• **Task**:
Output the full listing exactly.

# # #

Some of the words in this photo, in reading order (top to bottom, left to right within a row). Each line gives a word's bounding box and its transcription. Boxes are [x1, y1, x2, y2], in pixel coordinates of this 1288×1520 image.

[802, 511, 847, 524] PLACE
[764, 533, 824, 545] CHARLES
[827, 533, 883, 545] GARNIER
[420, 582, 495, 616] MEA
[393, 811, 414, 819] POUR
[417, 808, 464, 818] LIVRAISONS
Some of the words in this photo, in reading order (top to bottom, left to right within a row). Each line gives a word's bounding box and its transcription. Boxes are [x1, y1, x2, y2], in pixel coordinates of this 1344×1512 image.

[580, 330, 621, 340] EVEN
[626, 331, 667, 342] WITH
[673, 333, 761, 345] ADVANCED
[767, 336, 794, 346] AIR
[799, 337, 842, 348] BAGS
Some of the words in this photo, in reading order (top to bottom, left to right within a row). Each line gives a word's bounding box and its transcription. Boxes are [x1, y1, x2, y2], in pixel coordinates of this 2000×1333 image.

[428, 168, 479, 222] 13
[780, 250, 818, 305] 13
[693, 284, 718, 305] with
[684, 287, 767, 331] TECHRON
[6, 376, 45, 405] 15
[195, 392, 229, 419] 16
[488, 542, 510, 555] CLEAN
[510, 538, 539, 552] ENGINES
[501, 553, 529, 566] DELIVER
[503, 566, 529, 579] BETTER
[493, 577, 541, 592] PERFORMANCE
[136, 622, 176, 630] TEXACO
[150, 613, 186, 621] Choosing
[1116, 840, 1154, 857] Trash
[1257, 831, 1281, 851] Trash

# # #

• **Solved problem**:
Some of the words in this photo, in reading order (top to bottom, left to right within a row). Each line gives a word's bounding box and its transcription. Boxes are [x1, y1, x2, y2], in pixel coordinates of this 1288×1520 image.

[802, 511, 847, 524] PLACE
[764, 533, 824, 545] CHARLES
[827, 533, 883, 545] GARNIER
[420, 582, 495, 616] MEA
[393, 811, 414, 819] POUR
[417, 808, 464, 818] LIVRAISONS
Some of the words in this photo, in reading order (top to bottom, left to right within a row). Each line gives a word's bounding box and its transcription. Boxes are [x1, y1, x2, y2], in pixel coordinates of this 1344×1512 image.

[580, 330, 621, 340] EVEN
[626, 331, 667, 342] WITH
[673, 333, 761, 345] ADVANCED
[767, 336, 794, 346] AIR
[799, 337, 842, 348] BAGS
Some of the words in this photo, in reading order (top to bottom, left to right within a row). Each line gives a word's bounding box and its transcription. Boxes are [x1, y1, x2, y2], in pixel coordinates of this 2000×1333 image.

[428, 168, 479, 222] 13
[780, 250, 818, 305] 13
[693, 284, 718, 305] with
[684, 287, 767, 331] TECHRON
[6, 376, 45, 405] 15
[195, 392, 229, 419] 16
[488, 542, 510, 555] CLEAN
[510, 538, 539, 552] ENGINES
[501, 553, 529, 566] DELIVER
[503, 566, 529, 579] BETTER
[493, 577, 541, 592] PERFORMANCE
[136, 622, 176, 630] TEXACO
[150, 613, 186, 621] Choosing
[1116, 840, 1154, 857] Trash
[1257, 831, 1281, 851] Trash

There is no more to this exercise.